Ames was a prominenent Dedham citizen and renowned almanac publisher who died in 1764. In the fall of 1775, during the siege of Boston, a young Colonial Army lieutenant named Jabez Fitch visited the grave on one of his many excursions into graveyards and tombs in the Boston area. The following diary entry describing Fitch’s visit should help get you in the Halloween mood:

About 12 O’clock…went into the burying yard, where we found Doctor Ames’ tomb open … We several of us went down into the tomb, opened the old doctor’s coffin and see his corpse. The under jaw was all fallen in, the other part of the bone of the head retained their proper shape, the teeth were whole in the upper jaw, but the whole back and rest of the body, as far as we could see, was covered with a black film or skin, which I suppose to be the winding sheet in which the corpse was buried, being blended with the moisture of the body.

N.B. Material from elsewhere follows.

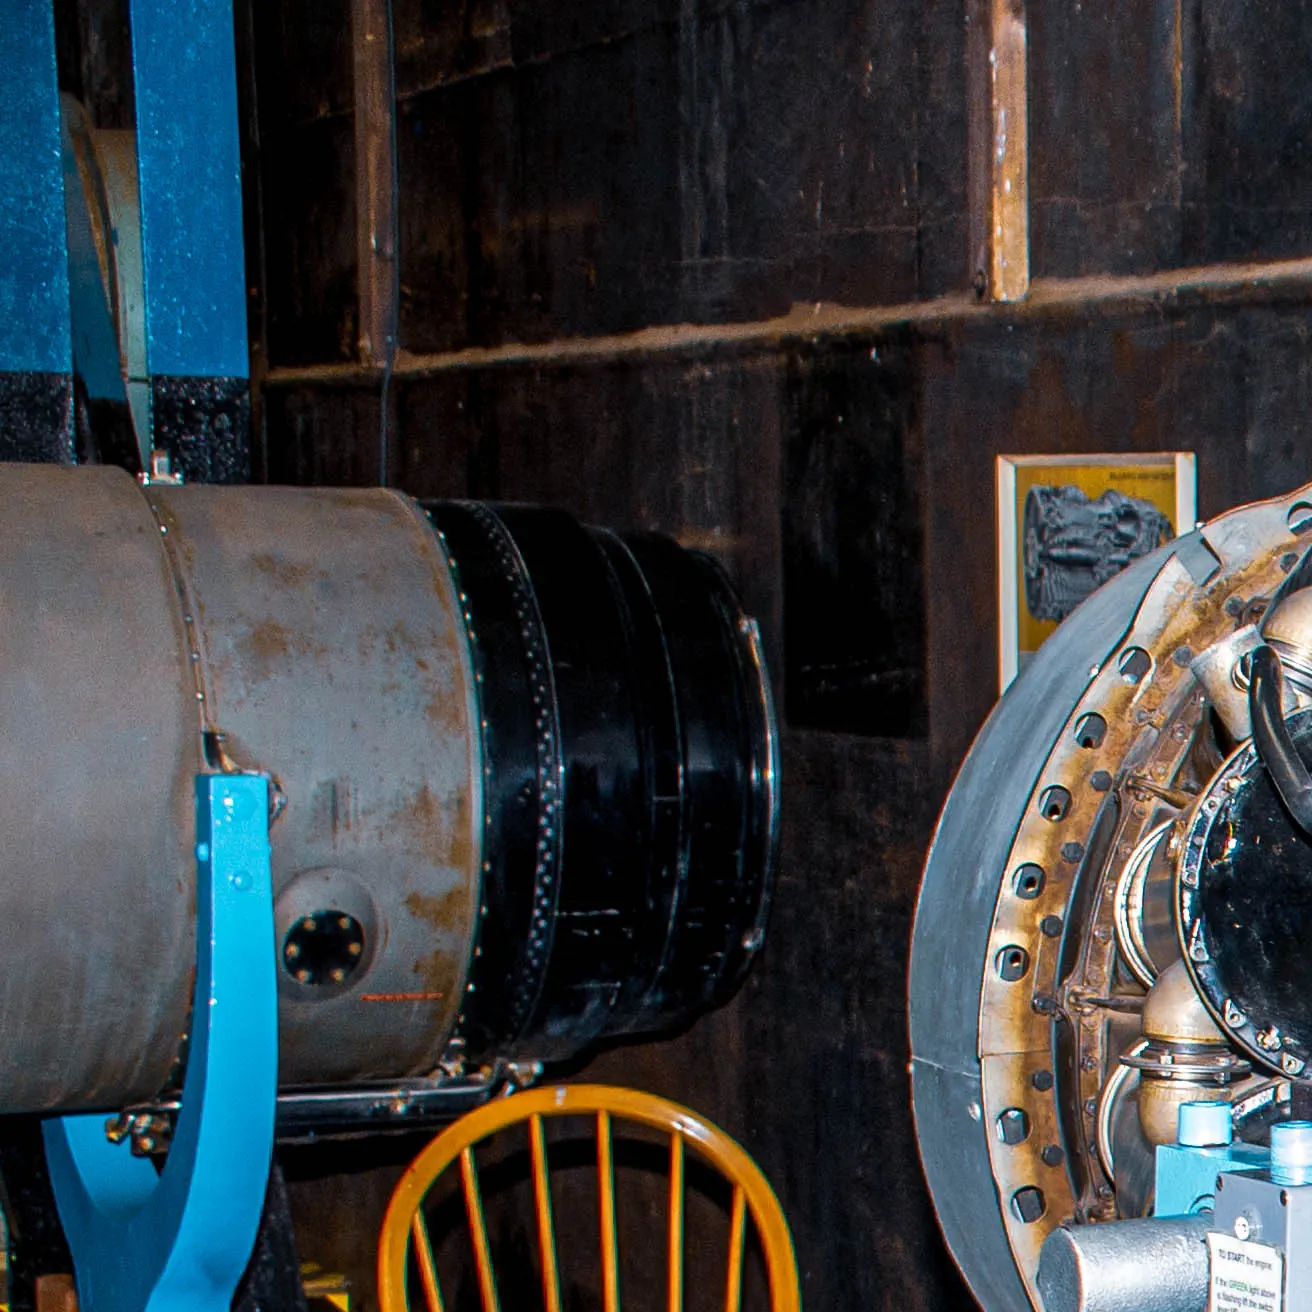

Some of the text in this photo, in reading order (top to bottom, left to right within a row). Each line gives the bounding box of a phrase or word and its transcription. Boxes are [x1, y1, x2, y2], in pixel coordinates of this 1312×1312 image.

[1218, 1249, 1226, 1260] TO
[1227, 1251, 1245, 1264] START
[1229, 1279, 1248, 1292] GREEN
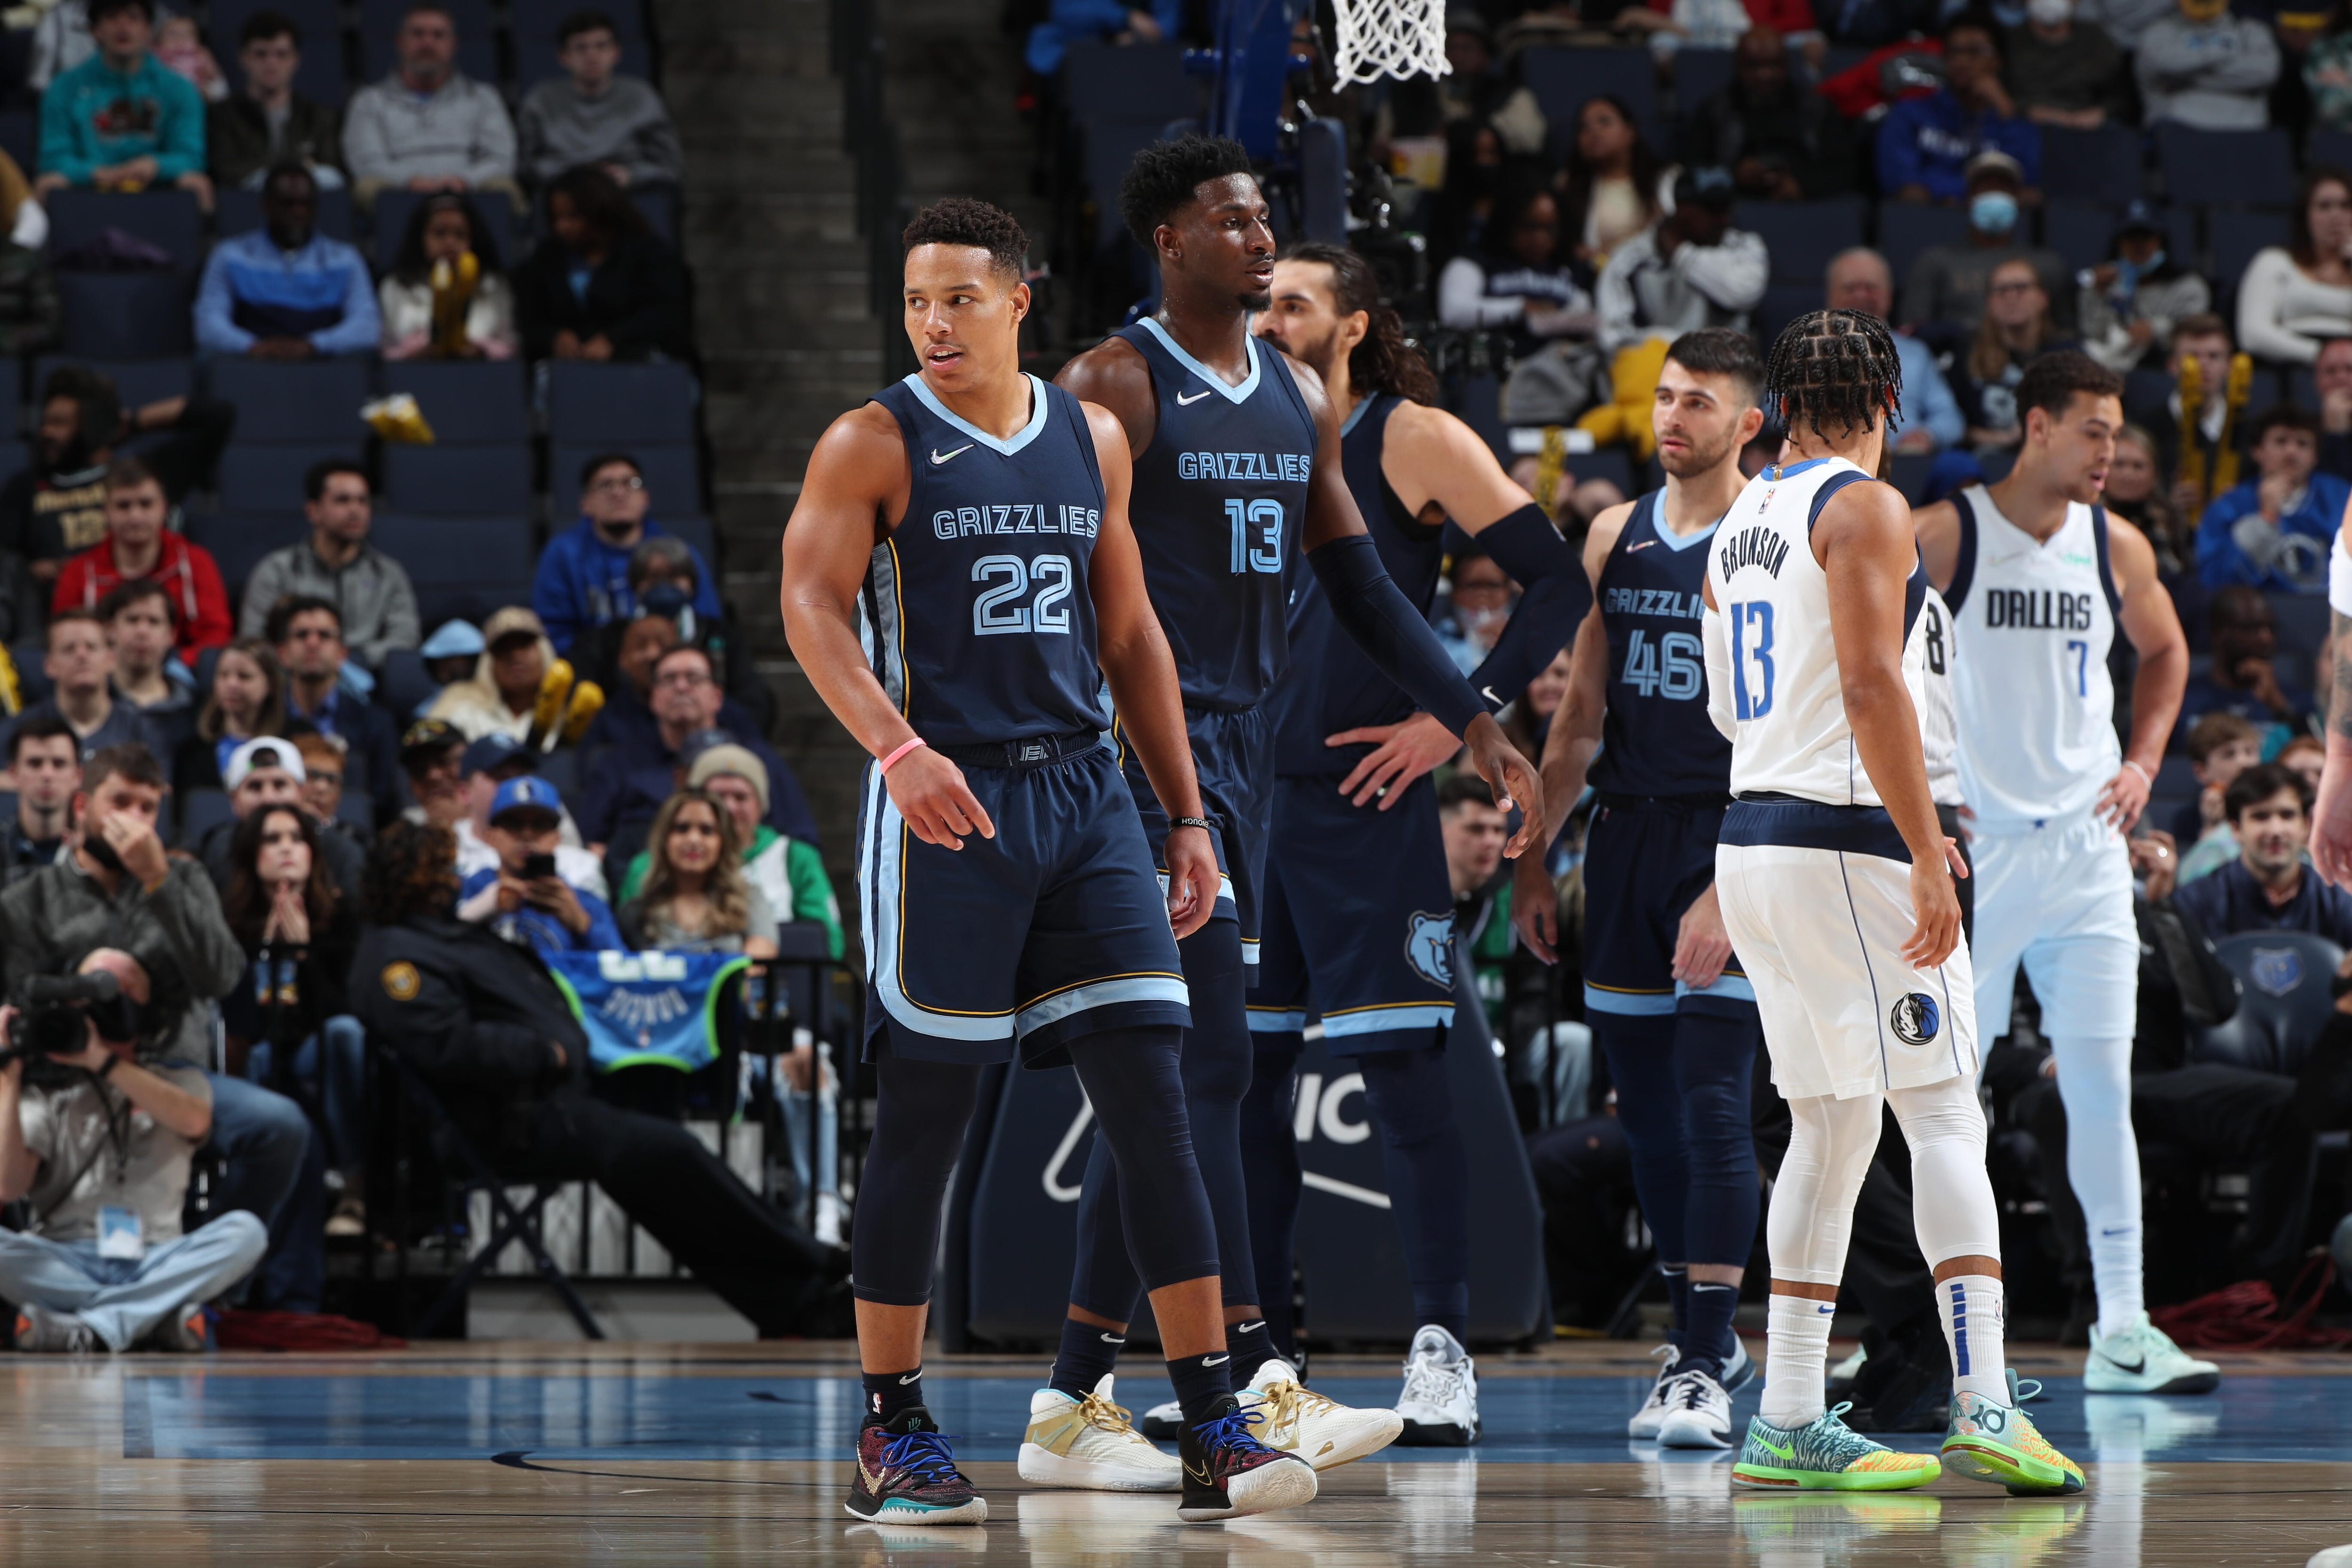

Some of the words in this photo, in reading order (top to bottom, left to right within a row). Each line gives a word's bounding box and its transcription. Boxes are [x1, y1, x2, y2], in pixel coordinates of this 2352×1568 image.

I also observed one of the arms to have fallen off from the body and the bones laying by the side of the coffin. While I was thus in a sort conversing with the dead and viewing those melancholy curiosities, I could not help reflecting that nothing of the philosophy and astronomy which once adorned the mind of that person and made him appear great among his contemporaries, was now to be seen in this state of humiliation and contempt… After sufficiently gratifying our curiosity, we moved on…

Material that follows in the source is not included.